Perubahan gaya hidup modern telah memicu pola konsumsi yang tidak seimbang dan meningkatkan prevalensi penyakit metabolik seperti obesitas dan diabetes. Masalah utama terletak pada kesulitan masyarakat dalam memahami kebutuhan nutrisi tubuh dan keterbatasan waktu tenaga medis untuk melakukan evaluasi diet secara personal. Penelitian ini bertujuan untuk menerapkan sistem pendukung keputusan yang memberikan rekomendasi makanan berbasis kondisi fisik dan preferensi pengguna. metode yang digunakan adalah Multi-Criteria Decision Making (MCDM) dengan algoritma Simple Additive Weighting (SAW) untuk menentukan peringkat makanan berdasarkan kriteria kalori, protein, lemak, dan karbohidrat.
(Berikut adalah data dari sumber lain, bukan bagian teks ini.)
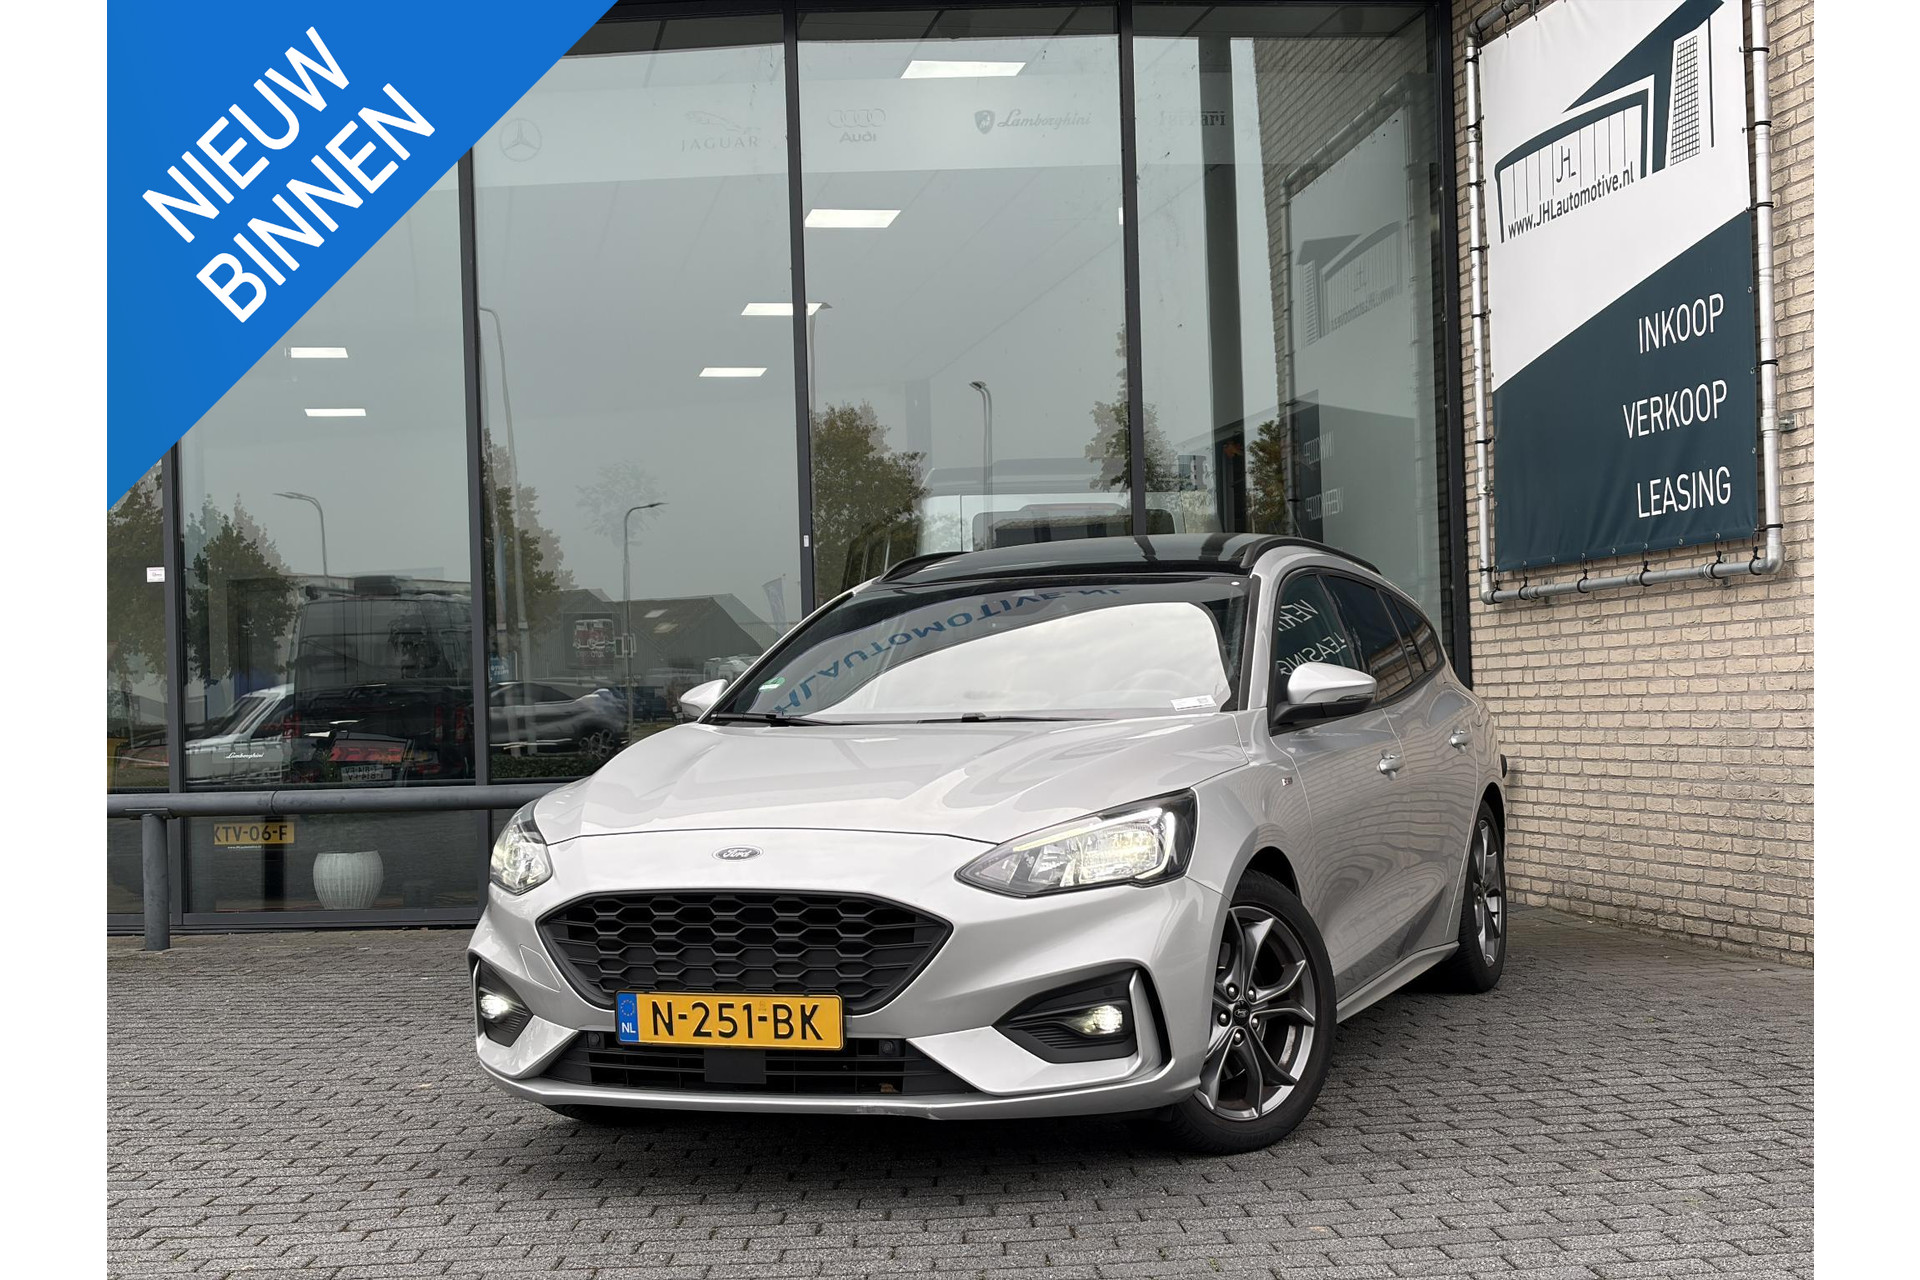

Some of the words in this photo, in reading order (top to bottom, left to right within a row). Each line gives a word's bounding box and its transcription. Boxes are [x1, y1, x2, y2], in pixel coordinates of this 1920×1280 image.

Parameter kesehatan pengguna ditentukan melalui perhitungan Body Mass Index (BMI) dan Total Daily Energy Expenditure (TDEE) untuk menghasilkan profil personalisasi. Hasil penelitian menunjukkan bahwa integrasi algoritma SAW mampu memberikan rekomendasi menu makanan yang akurat dan sesuai dengan kebutuhan nutrisi serta preferensi makanan pengguna (food preference). Sistem ini diharapkan dapat membantu individu dalam mengelola pola makan secara mandiri dan terstruktur.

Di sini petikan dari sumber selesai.